Valor: O PT precisa arranjar um outro discurso? Lessa: A confusão que o PT, o governo, se meteu é tão grande que não consigo imaginar um drible, uma jogada de marketing capaz de produzir um resultado virtuoso para esse processo. Ainda mais porque os marqueteiros saíram desacreditados dessa crise. Acho que 2006 vai ser um ano muito difícil para o governo. Mesmo que se tenha uma melhoria econômica. Vai ser um ano de combate. E há um ponto importante. A natureza das relações políticas no Brasil está completamente esgarçada. O nível de polarização, de agressividade entre governo e oposição está absurdo. E esse governo que vai disputar a reeleição ou a eleição com candidatos próprios sob investigação. É um governo com CPI aberta, um candidato sob investigação que a todo momento pode 'cpizar' menos ou mais.
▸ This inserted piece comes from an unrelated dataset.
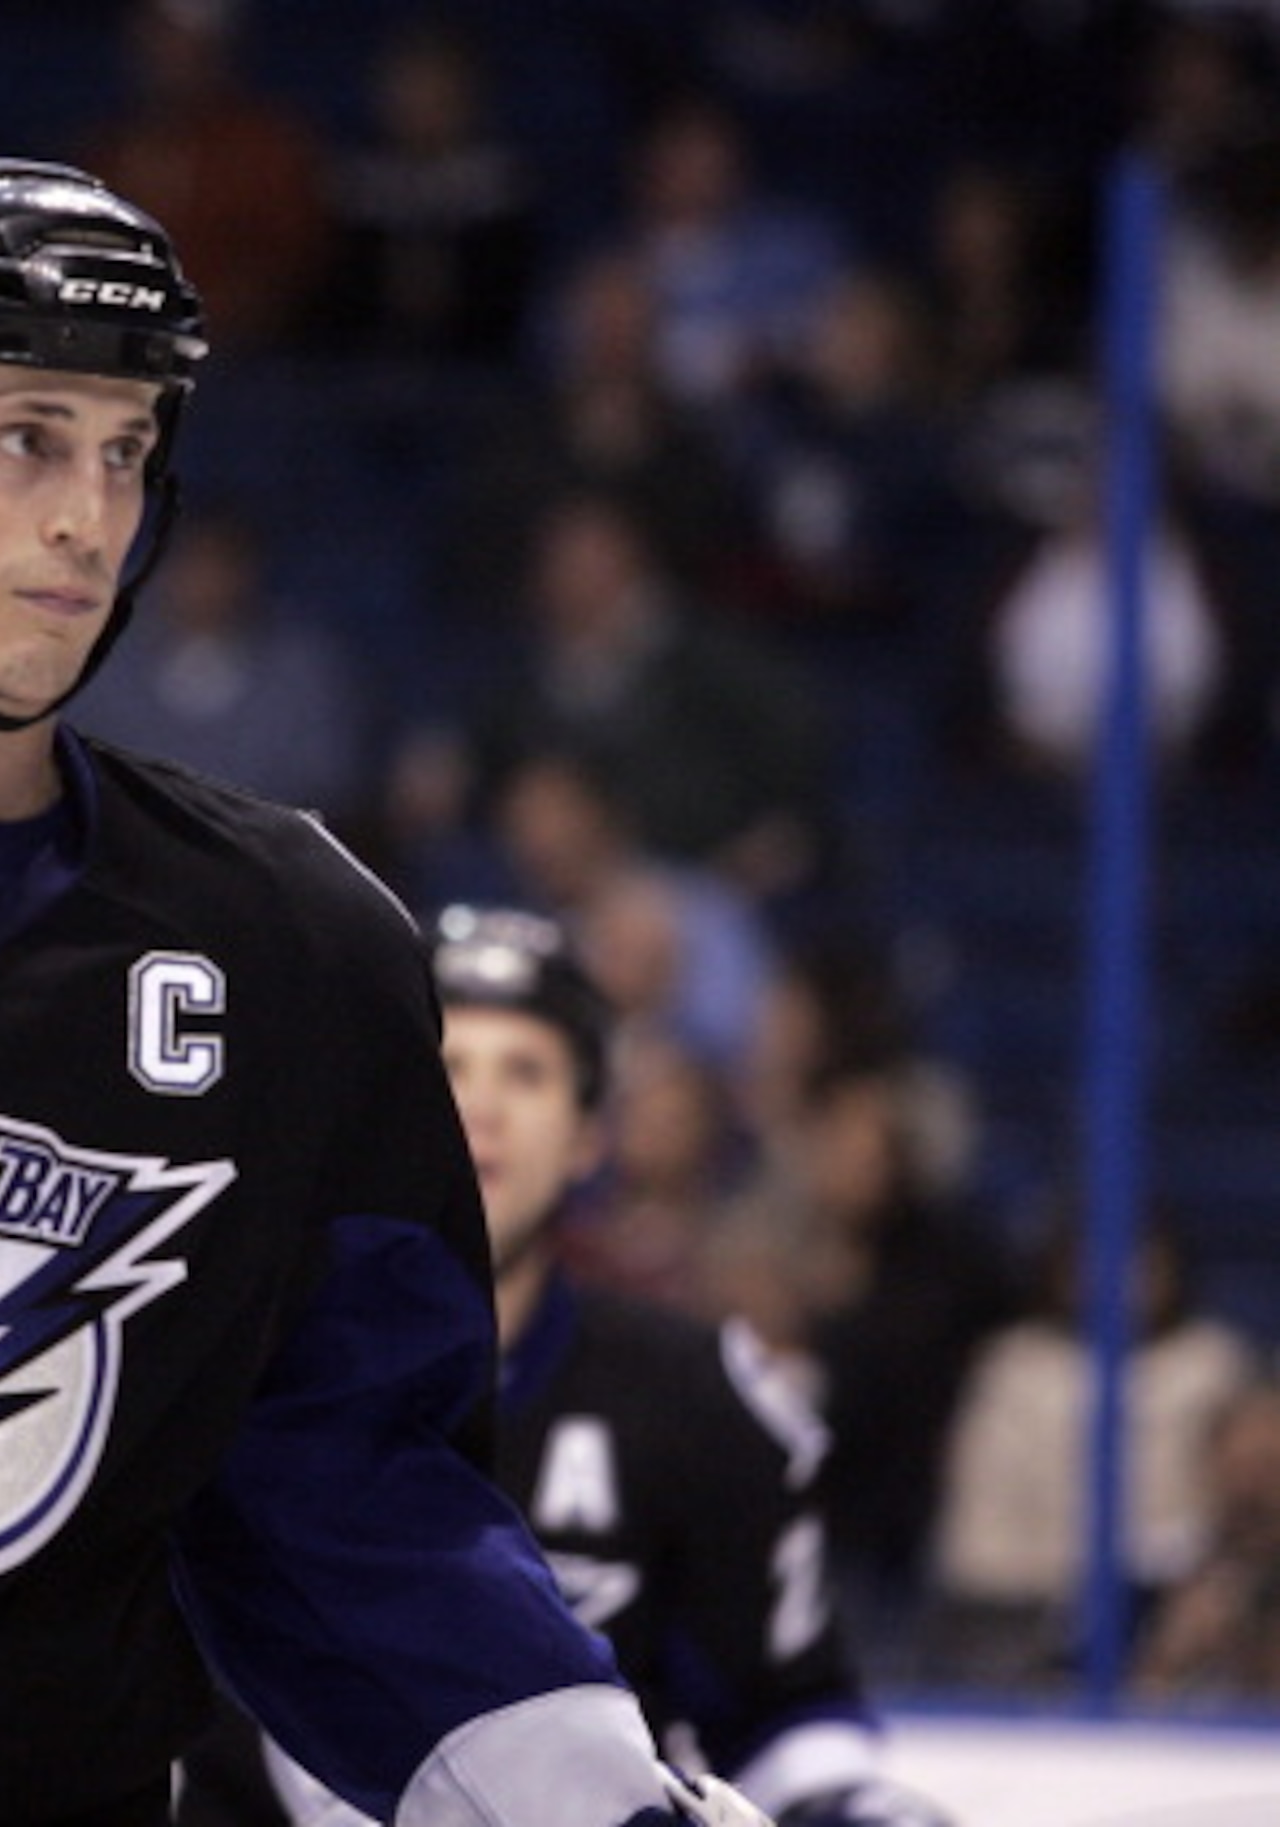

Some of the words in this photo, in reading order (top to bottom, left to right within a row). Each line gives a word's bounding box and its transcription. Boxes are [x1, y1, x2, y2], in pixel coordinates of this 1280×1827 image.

[59, 278, 166, 313] CCM
[127, 950, 227, 1097] C
[533, 1414, 620, 1532] A
Valor: A campanha presidencial vai ser sanguinária? Lessa: Sim, será uma campanha muito dura, muito complicada. Um ator importante de 2006 vai ser o eleitorado. Lembro o que (Oliver) Cromwell (1599-1658) disse no século 17 após a revolução em que implantou, provisoriamente, a República na Inglaterra: "Mesmo que os senhores tivessem feito algo de bom, estão aqui tempo demais e eu lhes digo, vão embora, queremos nos ver livres dos senhores pelo amor de Deus, vão embora". É possível que a população fale isso agora. Vai haver renovação grande no Congresso e taxa grande de abstenção. Nós avançaremos se aparecer mais intolerância popular com relação aos políticos. Eles têm que temer a população e temem muito pouco. O grau de temor é fundamental. Não estou advogando nada violento como bengaladas em geral mas ser julgado na urna.
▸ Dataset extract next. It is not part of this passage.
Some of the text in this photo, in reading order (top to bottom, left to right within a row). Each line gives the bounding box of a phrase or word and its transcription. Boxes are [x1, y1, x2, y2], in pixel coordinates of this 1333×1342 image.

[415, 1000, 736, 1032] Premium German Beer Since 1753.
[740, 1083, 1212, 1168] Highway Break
Valor: Há opção de um novo modelo? Lessa: Discute-se a reeleição e o mandato de cinco anos. Passar para cinco anos seria um desastre, pois reintroduz na política brasileira o princípio da eleição solteira, que foi a conjuntura que possibilitou que Collor fosse eleito num momento que não se discutia a representação política, mas apenas o presidente. Porque, então, não se pensa num mandato presidencial de seis anos sem reeleição com mandatos parlamentares de três anos? Se teria em cada mandato presidencial uma reeleição intermediária que dependendo do resultado da eleição teria que reconfigurar o governo. Mas isso não tem a menor viabilidade porque jamais se convenceria os parlamentares a diminuírem o mandato. É mais fácil eles diminuírem o do presidente do que o deles. Acho que a resposta para essas questões todas vêm de baixo para cima. A sociedade está mais organizada e atenta ao que os políticos estão fazendo. Parte vem disso, parte vem da justiça eleitoral dar procedimentos de controles de gasto de campanha. Ao invés de agir depois que a campanha está feita, agir ao longo do próprio processo eleitoral. E fazer coisas simples, por exemplo, não dar diploma a quem não tiver conta de campanha aprovada. Há instrumentos que, somados a uma maior fiscalização e a mais atenção cívica, podem minimizar esse quadro com o tempo, mas nada no curto prazo.